At the frontline of coronavirus

ER nurse Lauren Horrocks provides insight into the people working hard to keep the public safe


Lauren Horrocks

Lauren Horrocks, an ER nurse at Advocate Good Shepherd Hospital in Barrington, wears a mask and extra protection as the hospital makes preparations for COVID-19 testing and treatment.

Ciara Duncan, Staff Writer

While her daily routine usually consists of “organized chaos,” as of the past two weeks, ER nurse Lauren Horrocks says things have been “very busy.” 

These are the startling words from a person who deals with “injuries and lacerations to severe life threatening problems like heart attacks and strokes,” on the daily, as well as “lots of patients with influenza this season”.

Two and a half weeks ago, however the effects of the pandemic have been increasingly visible at Advocate Good Shepherd Hospital in Barrington where Horrocks works. 

Illinois first started to see signs of the pandemic at the end of January, with one case who came back from China. Then in early March there was the first community acquired case in Illinois,” she said. “That means they had no known contact from China, or a person with it. I would say in the past 1.5 weeks, and especially this week, we are seeing the beginnings of this pandemic really affecting us in the hospital, and it’s increasing daily.”

But, that’s the reality for workers like Horrocks: those working in the health industry, in retail, and the government. Unlike every other person being advised to take a break at the moment, these people can’t. Although they are putting themselves in harm’s way, Horrocks says precautions are being taken to protect themselves during the job.

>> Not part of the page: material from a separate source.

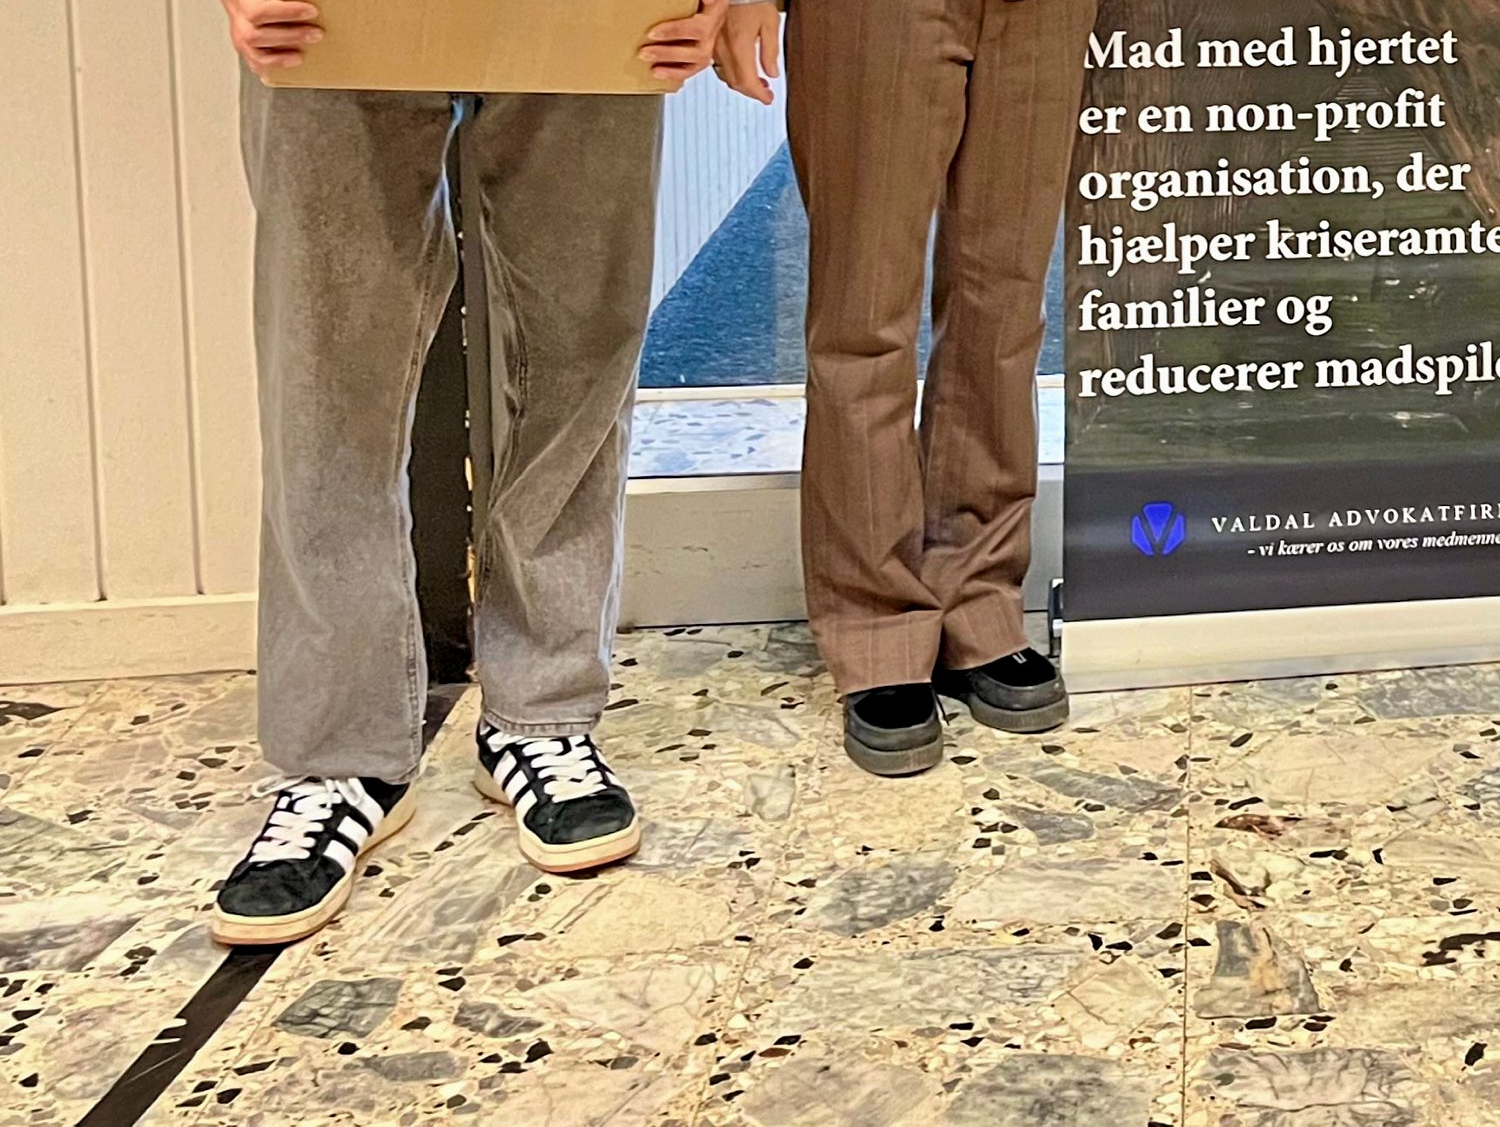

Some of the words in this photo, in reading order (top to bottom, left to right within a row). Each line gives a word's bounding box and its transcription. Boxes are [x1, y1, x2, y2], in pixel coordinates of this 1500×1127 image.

We need to make sure we are protecting ourselves and others from catching the virus and treating the patients…We are running a drive-up service to keep people out of the hospital for less spread,” she said. “I am taking PPE (personal protective equipment) on and off frequently, [including] goggles, mask, gown and gloves.”

Certain necessary materials are at risk of quickly running out. Healthcare workers are being encouraged to reuse their supplies, using alcohol spray and wipes to sanitize them before seeing the next patient. Some healthcare workers throughout America have started using the hashtag #getmePPE to voice their concerns. But, according to Horrocks, things won’t be slowing down anytime soon. 

“We are preparing for the upcoming period of time [with a higher volume] of COVID patients.”

Restrictions have been set in place to try to combat this spike in patients, including the recent Illinois lockdown order through at least April 7. Residents of Illinois are being advised to stay-at-home. 

Included in this directive, it is stated that gatherings of 10 or more people are prohibited. In-person socialization with people outside of your household is also prohibited. But, residents can still go to the grocery store, to the gas station, out for a walk, to the pharmacy, to grab takeout, to get dry cleaning, and to liquor stores and recreational cannabis dispensaries. According to Horrocks, these precautions are well worth it.

“Everyone should follow the recommendations for social distancing. I know, it is very hard, but hopefully it will prevent large numbers of people getting COVID-19 at the same time and overwhelming the healthcare system.”

Along with this, Horrocks advises people to “wash your hands frequently and avoid touching your face.” 

Though Horrocks is working hard during this pandemic, everyone needs to take the necessary precautions mentioned above if they want to see this situation improve. Nurses like Horrocks and many, many others endure tough, nerve-wracking work to protect and help everyone else.